• _Task instructions_
Pictures do not belong in the copy; retype the records below exactly.
--------------------------------------------------
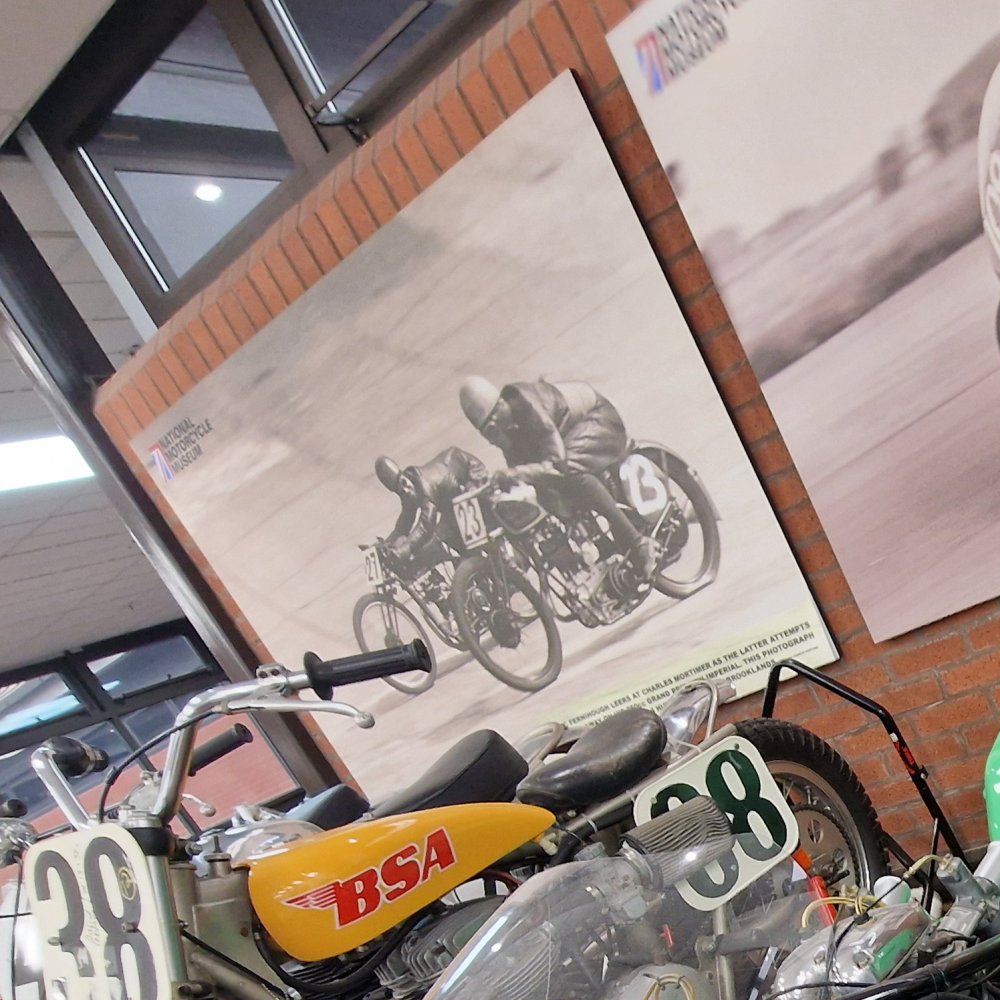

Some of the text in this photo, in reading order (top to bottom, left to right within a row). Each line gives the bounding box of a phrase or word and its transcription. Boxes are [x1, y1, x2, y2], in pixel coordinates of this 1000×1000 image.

[158, 417, 196, 448] NATIONAL
[164, 418, 213, 460] MOTORCYCLE
[171, 444, 203, 473] MUSEUM
[610, 696, 632, 710] LEERS
[632, 690, 640, 699] AT
[642, 678, 673, 696] CHARLES
[674, 661, 711, 682] MORTIMER
[712, 656, 723, 666] AS
[723, 649, 739, 660] THE
[739, 638, 769, 654] LATTER
[770, 621, 811, 642] ATTEMPTS
[646, 690, 671, 704] GRAND
[743, 653, 762, 665] THIS
[762, 632, 815, 658] PHOTOGRAPH
[334, 826, 457, 929] BSA
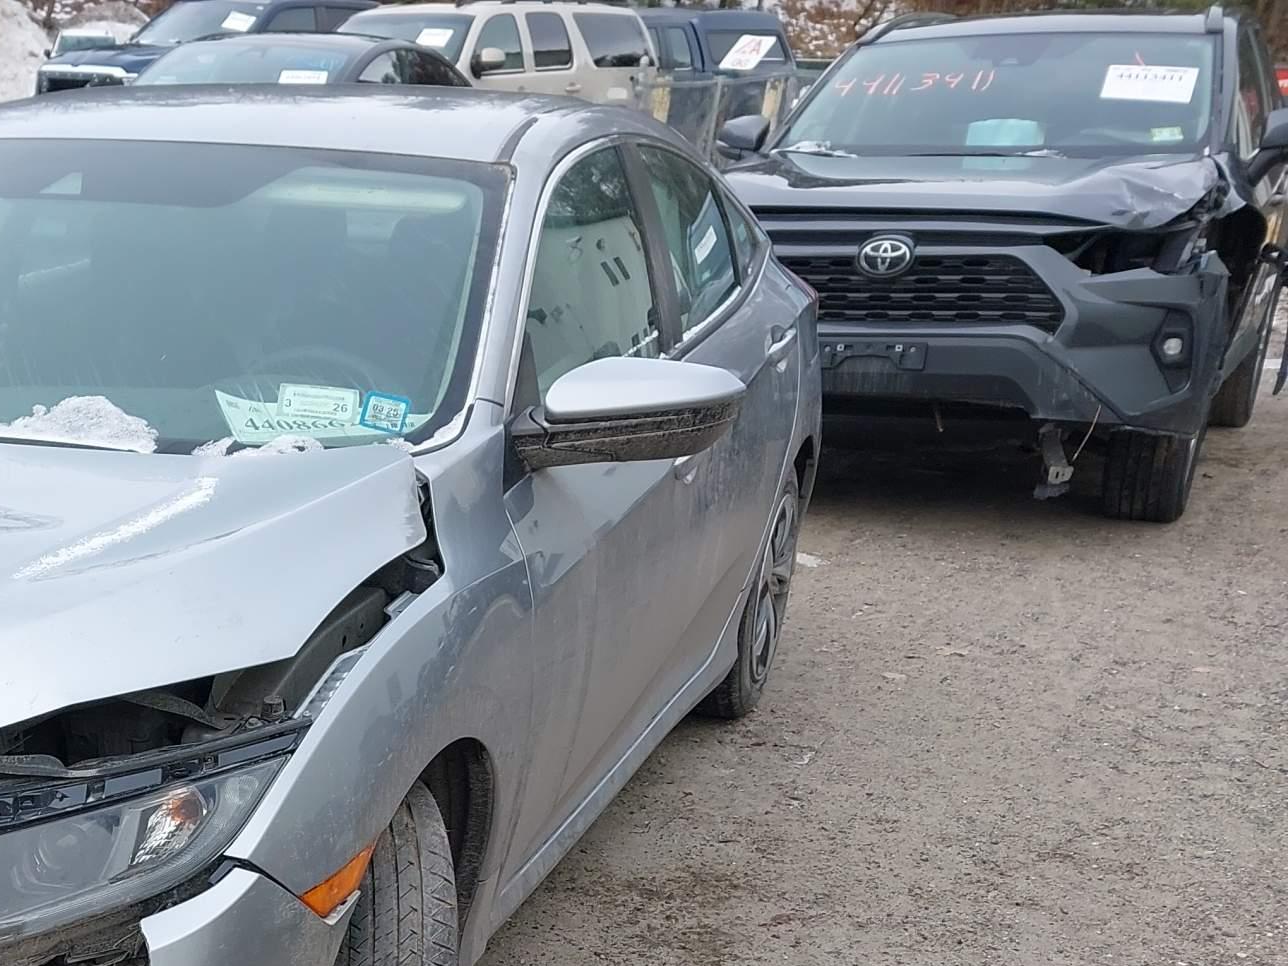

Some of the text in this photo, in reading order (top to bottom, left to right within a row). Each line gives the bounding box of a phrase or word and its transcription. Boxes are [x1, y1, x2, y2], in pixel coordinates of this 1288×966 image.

[284, 398, 292, 408] 3
[332, 402, 348, 413] 26
[372, 403, 384, 413] 03
[244, 417, 360, 432] 440866
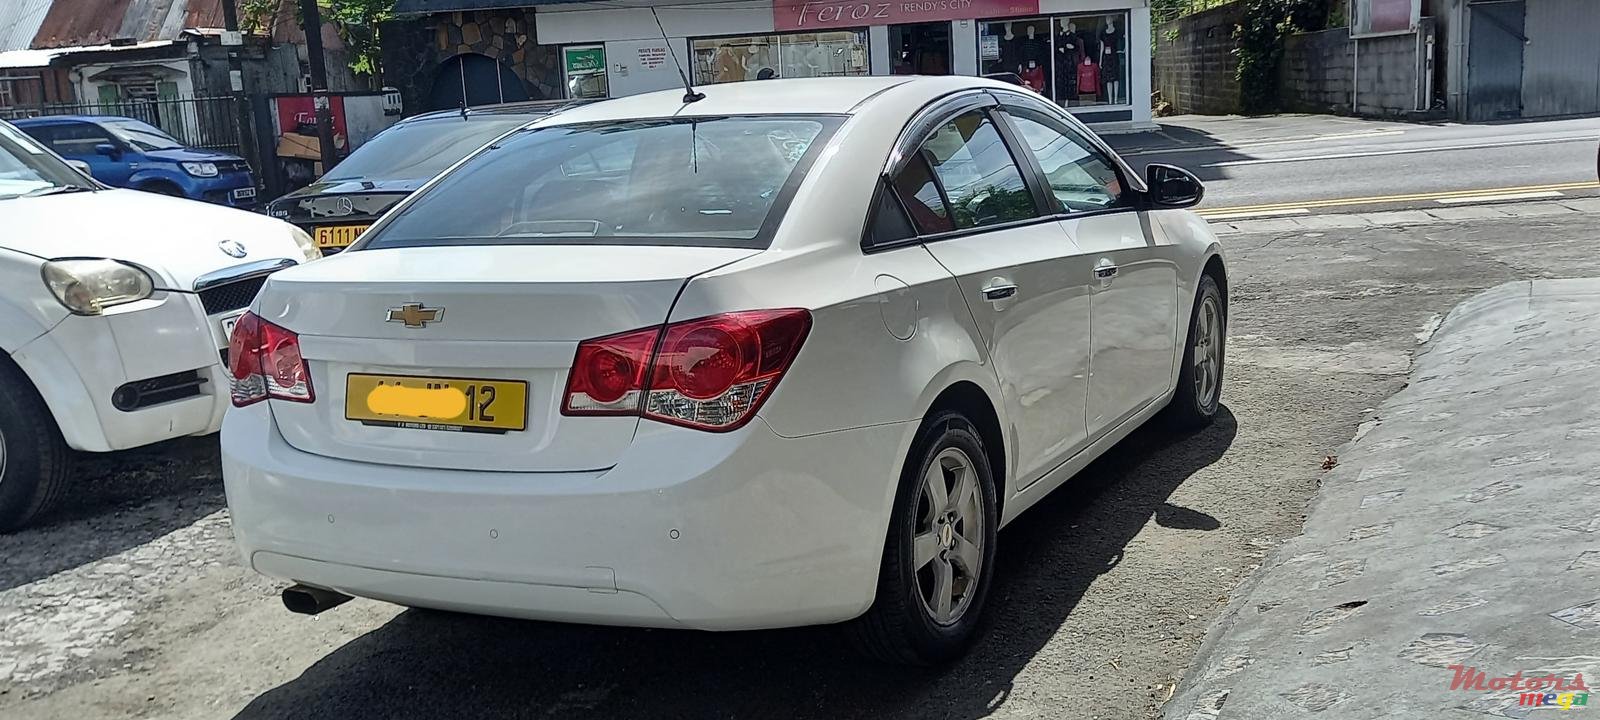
--------------------------------------------------
• _Result of the task_
Some of the text in this photo, in reading order (top to bottom, left to right within a row). Each line gives the bounding box of a phrase or word and its transcription. Boxes are [x1, y1, x2, y2], in pixel coordinates of this 1000×1000 image.

[158, 417, 196, 448] NATIONAL
[164, 418, 213, 460] MOTORCYCLE
[171, 444, 203, 473] MUSEUM
[610, 696, 632, 710] LEERS
[632, 690, 640, 699] AT
[642, 678, 673, 696] CHARLES
[674, 661, 711, 682] MORTIMER
[712, 656, 723, 666] AS
[723, 649, 739, 660] THE
[739, 638, 769, 654] LATTER
[770, 621, 811, 642] ATTEMPTS
[646, 690, 671, 704] GRAND
[743, 653, 762, 665] THIS
[762, 632, 815, 658] PHOTOGRAPH
[334, 826, 457, 929] BSA

Some of the text in this photo, in reading order (top to bottom, left to right within a row). Each line gives the bounding box of a phrase or word and its transcription. Boxes are [x1, y1, x2, y2], in pixel coordinates of this 1288×966 image.

[284, 398, 292, 408] 3
[332, 402, 348, 413] 26
[372, 403, 384, 413] 03
[244, 417, 360, 432] 440866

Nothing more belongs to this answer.